So the Polish President Lech Kaczynski is refusing to sign off the ratification of the Treaty of Lisbon. Czech President Vaclav Klaus may do the same this autumn, even if the Czech constitutional court gives the Treaty the OK. It seems that the No vote in Ireland has given these 2 populist politicians the opportunity to break cover and public express their views about the Treaty of Lisbon and, if they do deliver on what they say, essentially condemn the document to the dustbin.
But before those that oppose the Treaty of Lisbon crow ‘thank goodness’ reflect on this: Klaus and Kaczynski, like the population of Ireland, have power to say No to something within the EU, but what do the Presidents of Poland and Czech Republic actually want? Presumably sticking with the Treaty of Nice doesn’t really make them happy either. But better, I suppose, to score a few cheap points in the national media than try to behave in a forward looking manner towards the EU.
Of course Kaczynski’s position would be much more understandable if he hadn’t personally signed the Treaty twice (Brussels and Lisbon) in the first place.
Any international Treaty is by its very nature a compromise.
There will always be bits one group or another feels is not ideal, but the views of those opposing it will not necessarily coincide.
It would indeed be ironic if the free trade/free marketeers from the UK are cheering the pro-CAP or more-social-protection-please voices opposing the Treaty elsewhere.
But it’s always easier to see a no as a no, to go for the headline-friendly soundbite rather than accept that these things are inevitably complex, and ponder where the common interests actually lie.
It’s not too bad all things considering is not much of a rallying cry.
i migth be wrong, but i think they have both participate in the negociation on the treaty.
so, refusing now smells like populistic, opportunistic and narrow-minded.
Jon,
they may be haggling, holding up the process for what they think is their national interest. They may even want the kind of ‘Europe of nation states’ that Thatcher spoke of at Bruges.
Both of the presidents do have responsibility, to their own countries and constitutions, rather than the EU. You’ve got to remember that not everyone believes in the Grand Project, so not everyone feels a responsibility to ensure the furtherance of European federalisation, or whatever the destination is.
@Trooper – fair enough, I can understand you wanting to crow about it. But can you please answer this: by opposing the ratification of the treaty, what do Lech Kaczynski and Vaclav Klaus actually want?
Poland, for example, has been resolutely opposed to any reforms of the Common Agricultural Policy, cause celebre for the British eurosceptics that see CAP as the symbol of all things evil in Europe.
That’s why I entitled this entry power without responsibility – I can understand why both of them have the incentive to whinge, but what do they want instead?
“Klaus and Kaczynski, like the population of Ireland, have power to say No to something within the EU”
Unlike the electorate in the UK.
You’re damn right those that oppose the treaty will crow, we don’t get much to celebrate. You support the Lisbon Treaty, so it annoys you that a leading politician takes the opposite position.

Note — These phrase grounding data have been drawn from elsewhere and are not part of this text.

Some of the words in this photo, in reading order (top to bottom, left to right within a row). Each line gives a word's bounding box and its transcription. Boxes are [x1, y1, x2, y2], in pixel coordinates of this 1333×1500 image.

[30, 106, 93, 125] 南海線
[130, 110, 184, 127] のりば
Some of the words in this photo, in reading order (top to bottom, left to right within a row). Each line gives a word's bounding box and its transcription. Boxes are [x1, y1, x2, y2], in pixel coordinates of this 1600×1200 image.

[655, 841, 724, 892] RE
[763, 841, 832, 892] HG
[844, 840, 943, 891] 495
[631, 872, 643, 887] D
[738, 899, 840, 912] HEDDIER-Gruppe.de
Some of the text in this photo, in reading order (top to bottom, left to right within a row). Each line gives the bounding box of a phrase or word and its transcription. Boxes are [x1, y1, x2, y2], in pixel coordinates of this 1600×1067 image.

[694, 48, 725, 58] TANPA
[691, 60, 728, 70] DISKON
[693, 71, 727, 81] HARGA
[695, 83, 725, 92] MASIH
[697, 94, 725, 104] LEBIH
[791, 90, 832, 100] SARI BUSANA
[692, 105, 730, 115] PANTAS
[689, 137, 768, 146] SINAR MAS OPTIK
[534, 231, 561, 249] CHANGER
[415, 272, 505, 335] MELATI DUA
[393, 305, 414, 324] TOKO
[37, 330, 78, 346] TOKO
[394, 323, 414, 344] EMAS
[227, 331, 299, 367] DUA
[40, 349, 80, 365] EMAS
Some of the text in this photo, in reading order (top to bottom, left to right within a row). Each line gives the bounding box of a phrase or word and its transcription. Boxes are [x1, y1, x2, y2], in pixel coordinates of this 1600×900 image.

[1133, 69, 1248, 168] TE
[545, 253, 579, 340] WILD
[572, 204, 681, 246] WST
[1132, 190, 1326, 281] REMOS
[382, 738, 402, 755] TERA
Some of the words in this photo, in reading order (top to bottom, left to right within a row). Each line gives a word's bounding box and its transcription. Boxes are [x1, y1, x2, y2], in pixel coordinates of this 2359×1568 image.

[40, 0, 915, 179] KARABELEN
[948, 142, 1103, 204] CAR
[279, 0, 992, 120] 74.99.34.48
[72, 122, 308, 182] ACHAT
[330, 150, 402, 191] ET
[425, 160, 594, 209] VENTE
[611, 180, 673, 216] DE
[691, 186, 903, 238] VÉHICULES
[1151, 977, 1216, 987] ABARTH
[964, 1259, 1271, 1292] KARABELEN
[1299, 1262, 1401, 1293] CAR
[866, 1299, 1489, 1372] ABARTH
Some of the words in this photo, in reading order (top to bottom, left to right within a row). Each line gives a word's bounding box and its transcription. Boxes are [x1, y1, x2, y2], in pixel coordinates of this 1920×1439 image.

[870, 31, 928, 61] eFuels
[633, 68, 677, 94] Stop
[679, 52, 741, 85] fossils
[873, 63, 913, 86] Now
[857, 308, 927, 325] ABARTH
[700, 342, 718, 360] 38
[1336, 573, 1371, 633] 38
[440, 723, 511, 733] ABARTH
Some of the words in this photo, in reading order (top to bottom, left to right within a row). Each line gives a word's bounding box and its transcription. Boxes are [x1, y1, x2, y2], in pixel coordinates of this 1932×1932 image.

If the Lisbon process can be derailed, who knows what the future will hold? Perhaps Ralf can get his working Union within a hardcore group of nations, and the rest of the EU can take a step back to what the majority in this country (England) seem to want – a looser, trading partner-type relationship.
Concessions or influence… Hard to say. What do either of these 2 actually want? I find that extremely hard to determine.
Plus the two of them are toeing a fine line here – leaders in the EU who play a hard and negative game go against the spirit of the organisation – the effective ones are people who try to build consensus.
Good analysis but is it only about scoring cheap points back home, Jon? I would suggest that they are positioning themselves for concessions, or at least more influence, in whatever happens next.
The dynamism of an outward looking French Presidency, together with a reforming Commission President, bode well. But we must, at the very least, deliver value to the citizens and win their hearts and minds over to the community method before we can move on.
Fifty years of unanimity rule (liberum veto) was more than enough.
Now is the time to build a union that works.